> _Prompt_: Exclude the pictures from your copy, and reproduce each entry below verbatim.

##############################

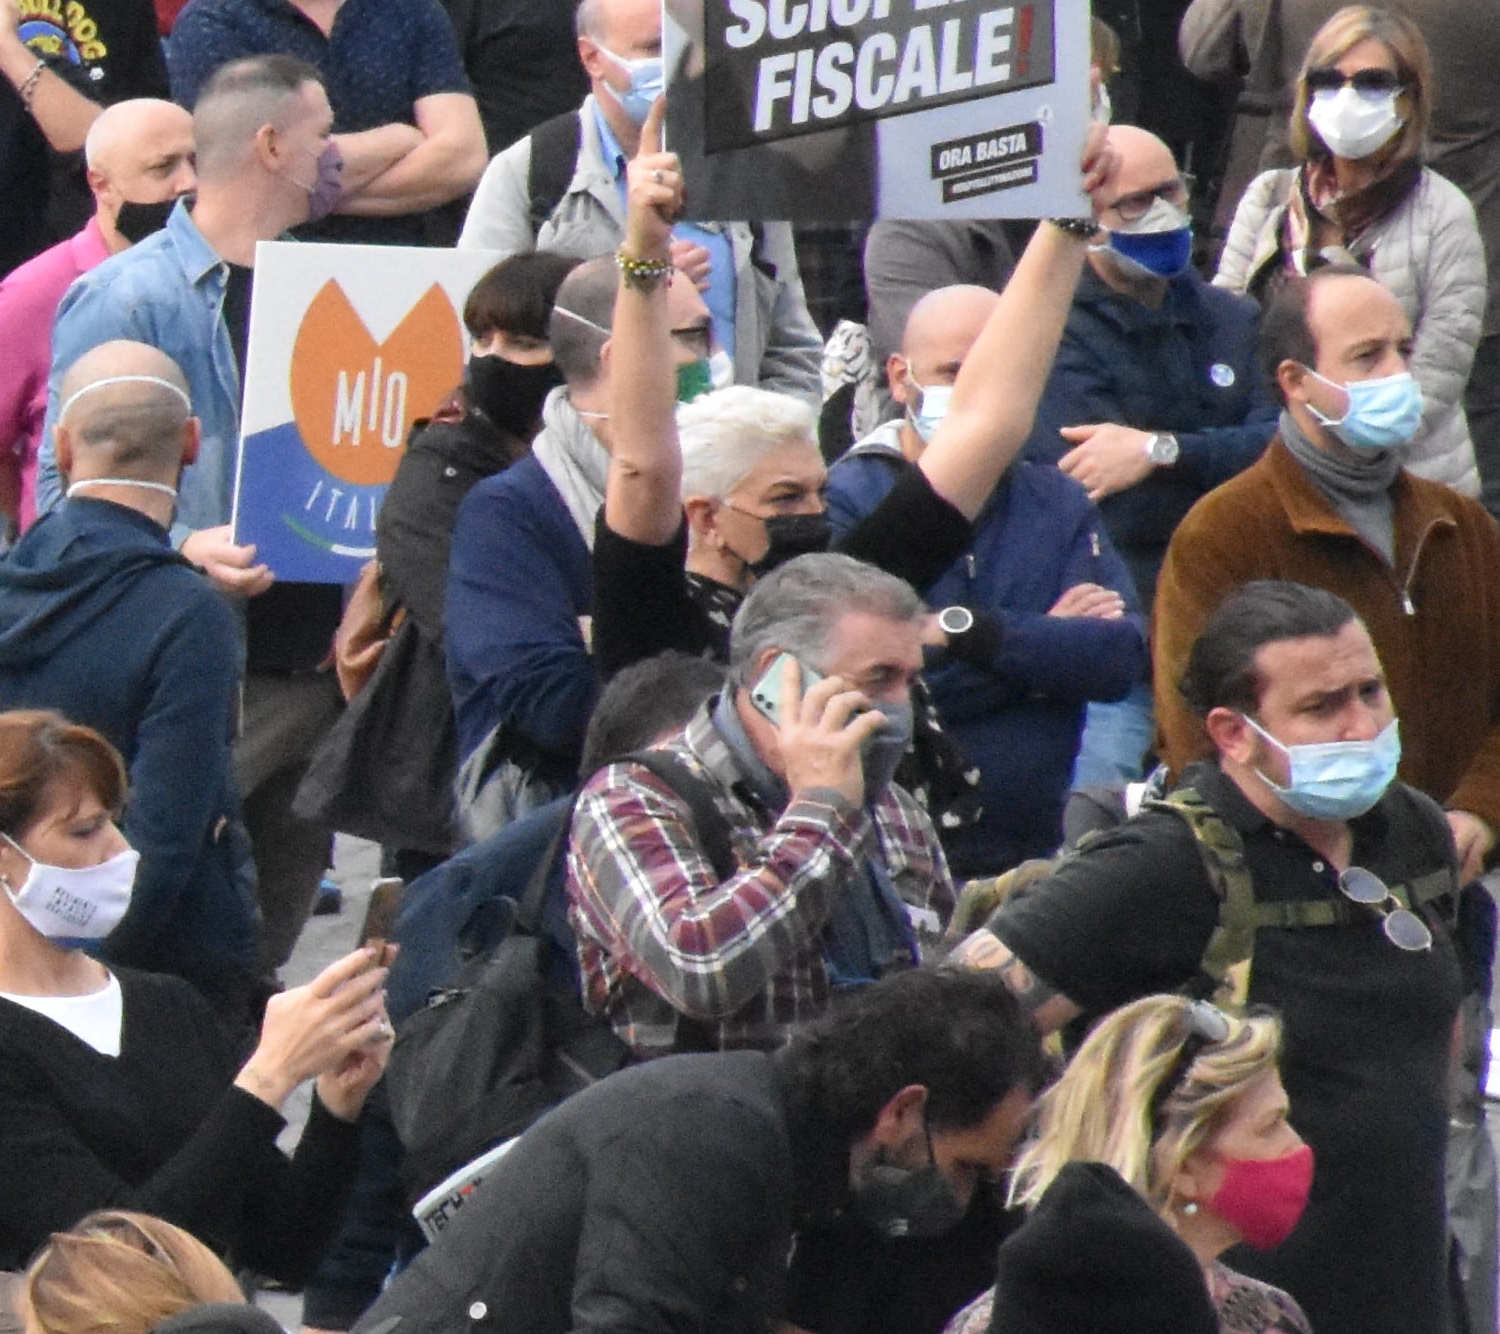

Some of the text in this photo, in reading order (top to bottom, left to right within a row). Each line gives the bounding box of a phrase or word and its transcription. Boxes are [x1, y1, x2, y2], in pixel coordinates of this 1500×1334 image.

[752, 3, 1037, 134] FISCALE!
[939, 132, 1027, 171] ORA BASTA
[333, 356, 409, 449] MIO
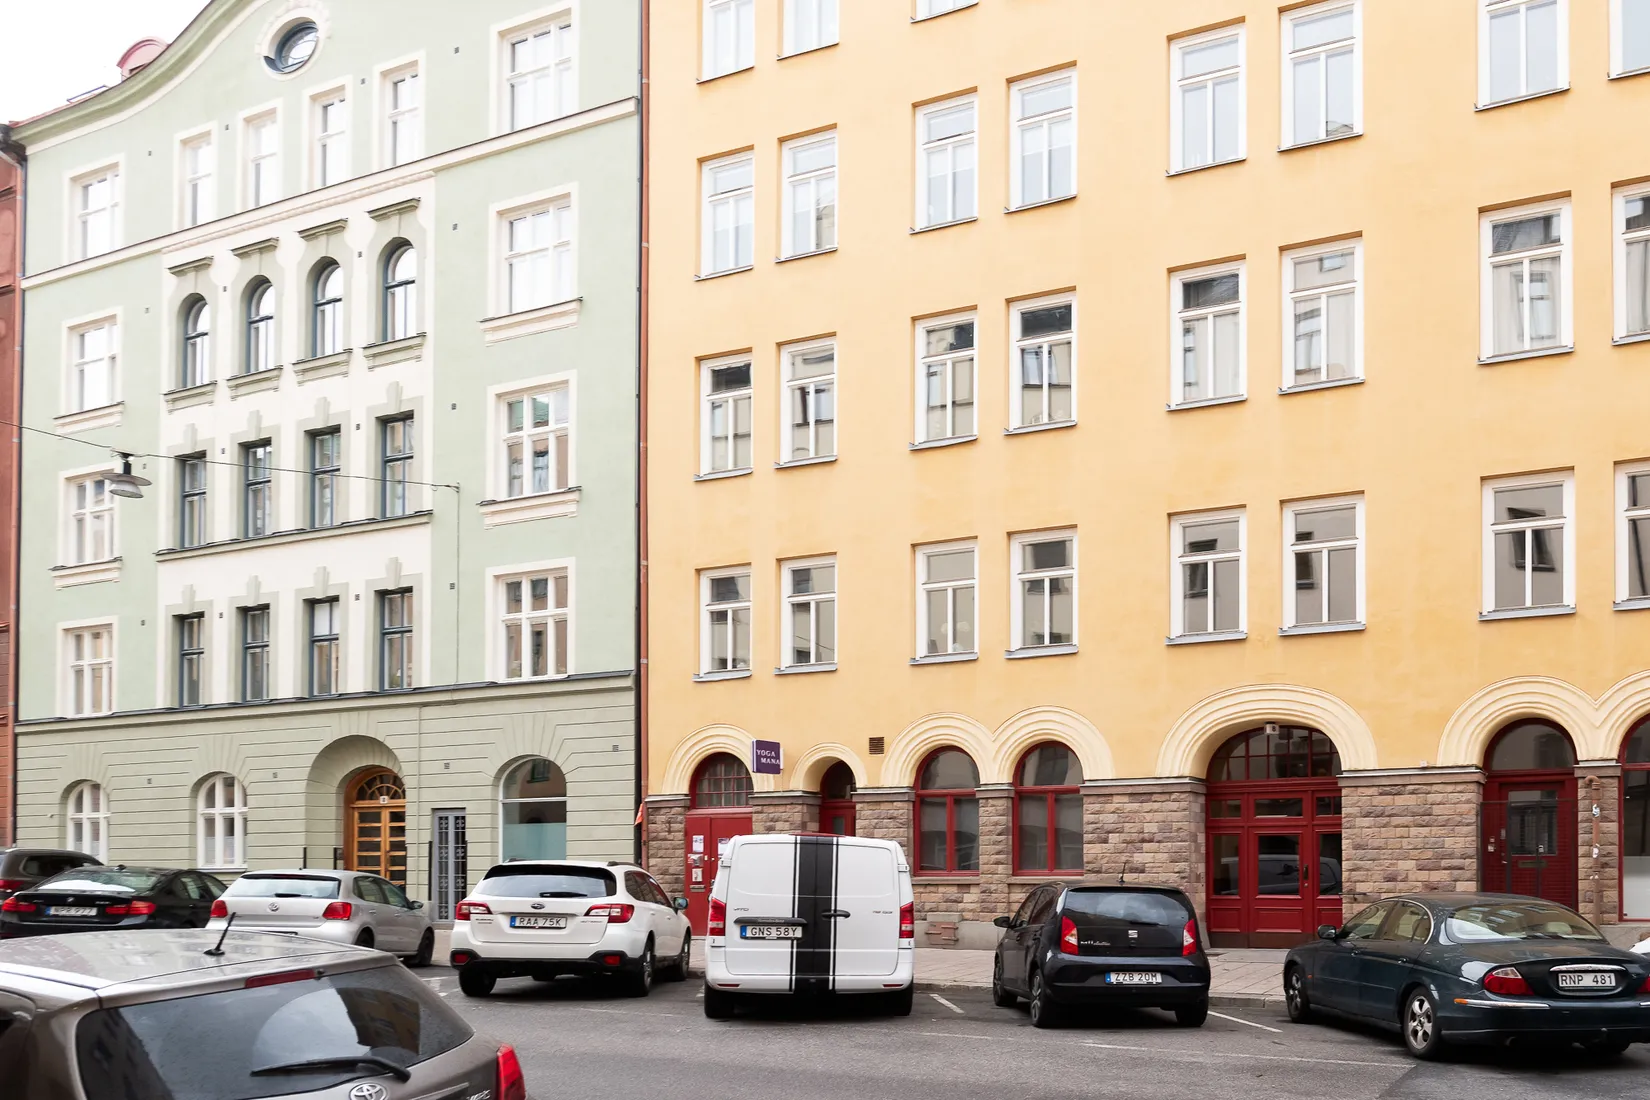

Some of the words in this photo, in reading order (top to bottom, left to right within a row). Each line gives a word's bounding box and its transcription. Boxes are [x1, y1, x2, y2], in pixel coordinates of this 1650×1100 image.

[756, 749, 776, 757] YOGA
[760, 757, 780, 765] MANA
[519, 917, 539, 926] RAA
[542, 918, 562, 926] 75K
[750, 927, 772, 936] GNS
[775, 927, 798, 936] 58Y
[1114, 972, 1135, 981] ZZB
[1137, 972, 1157, 981] 20M
[1560, 974, 1584, 985] RNP
[1592, 974, 1613, 985] 481
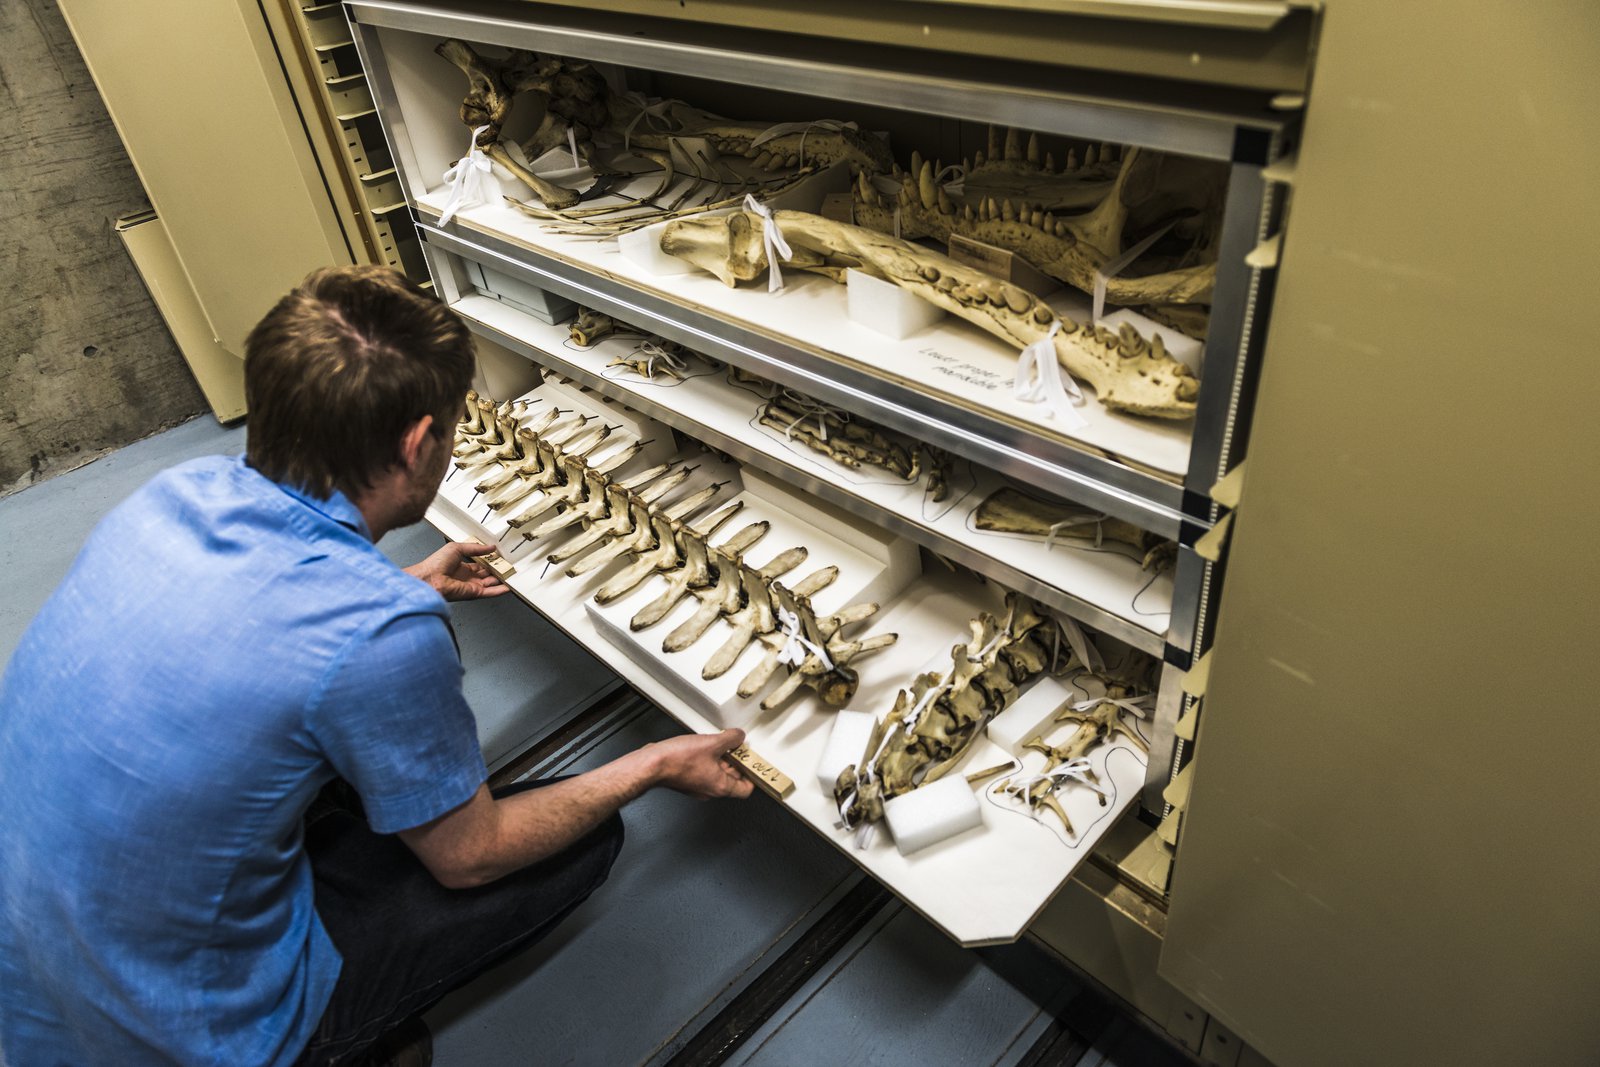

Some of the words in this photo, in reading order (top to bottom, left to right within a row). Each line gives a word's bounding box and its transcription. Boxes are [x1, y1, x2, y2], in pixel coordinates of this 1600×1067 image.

[918, 347, 960, 363] Lower
[734, 748, 751, 761] de
[752, 762, 774, 776] out
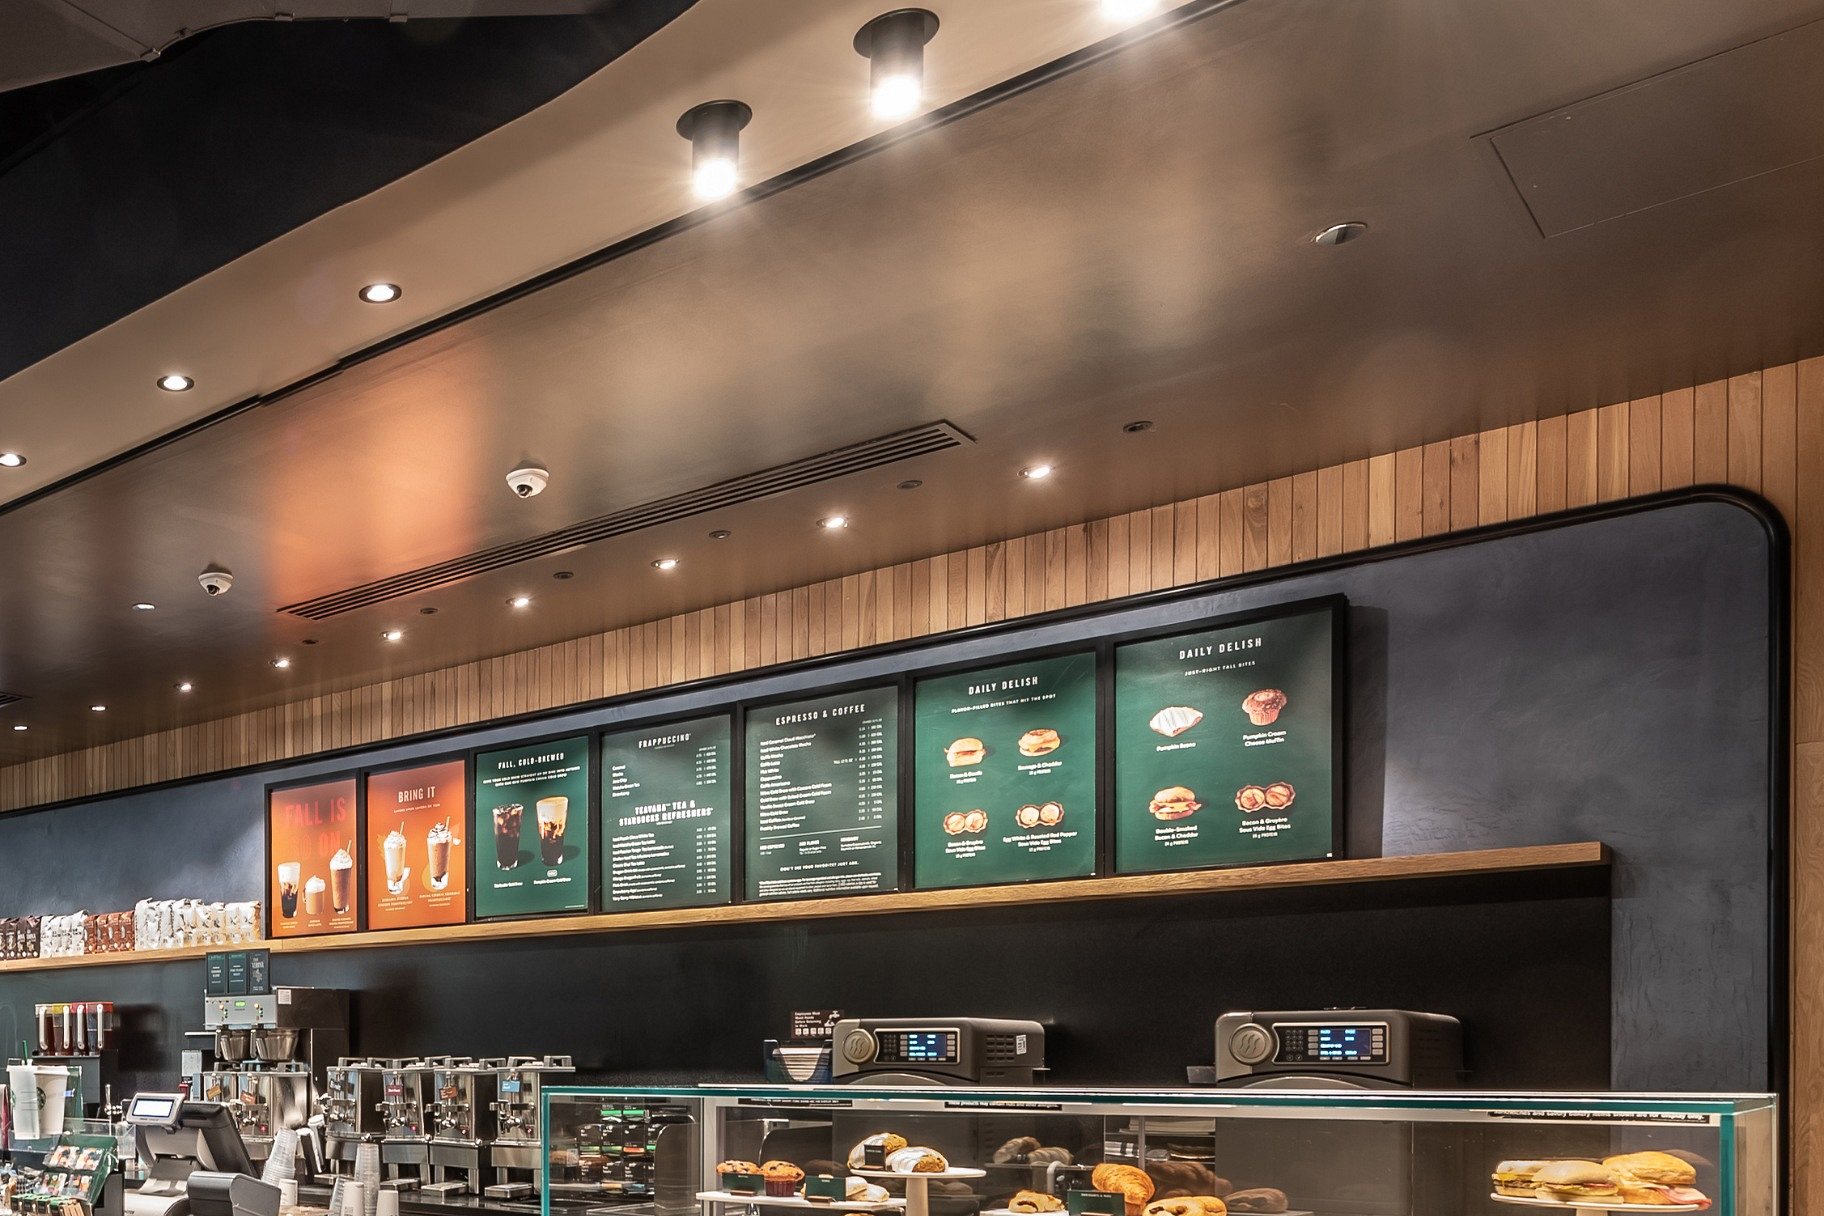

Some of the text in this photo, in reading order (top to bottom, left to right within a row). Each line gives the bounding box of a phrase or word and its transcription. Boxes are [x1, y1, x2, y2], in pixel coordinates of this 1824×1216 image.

[1180, 638, 1262, 660] DAILY DELISH
[968, 676, 1038, 695] DAILY DELISH
[776, 704, 865, 725] ESPRESSO & COFFEE
[498, 752, 565, 770] FALL, COLD-BREWED
[398, 786, 436, 803] BRING IT
[331, 797, 346, 822] IS
[672, 801, 687, 810] TEA

##############################

> _Answer for this exercise_:
Some of the text in this photo, in reading order (top to bottom, left to right within a row). Each line gives the bounding box of a phrase or word and its transcription. Boxes are [x1, y1, x2, y2], in pixel coordinates of this 1500×1334 image.

[752, 3, 1037, 134] FISCALE!
[939, 132, 1027, 171] ORA BASTA
[333, 356, 409, 449] MIO

Some of the words in this photo, in reading order (top to bottom, left to right within a row). Each line gives a word's bounding box and its transcription. Boxes are [x1, y1, x2, y2], in pixel coordinates of this 1650×1100 image.

[756, 749, 776, 757] YOGA
[760, 757, 780, 765] MANA
[519, 917, 539, 926] RAA
[542, 918, 562, 926] 75K
[750, 927, 772, 936] GNS
[775, 927, 798, 936] 58Y
[1114, 972, 1135, 981] ZZB
[1137, 972, 1157, 981] 20M
[1560, 974, 1584, 985] RNP
[1592, 974, 1613, 985] 481

Some of the words in this photo, in reading order (top to bottom, left to right within a row). Each line gives a word's bounding box and its transcription. Boxes are [x1, y1, x2, y2], in pixel coordinates of this 1600×1067 image.

[918, 347, 960, 363] Lower
[734, 748, 751, 761] de
[752, 762, 774, 776] out

Some of the text in this photo, in reading order (top to bottom, left to right within a row). Each line gives the bounding box of a phrase or word and its transcription. Boxes are [x1, y1, x2, y2], in pixel coordinates of this 1824×1216 image.

[1180, 638, 1262, 660] DAILY DELISH
[968, 676, 1038, 695] DAILY DELISH
[776, 704, 865, 725] ESPRESSO & COFFEE
[498, 752, 565, 770] FALL, COLD-BREWED
[398, 786, 436, 803] BRING IT
[331, 797, 346, 822] IS
[672, 801, 687, 810] TEA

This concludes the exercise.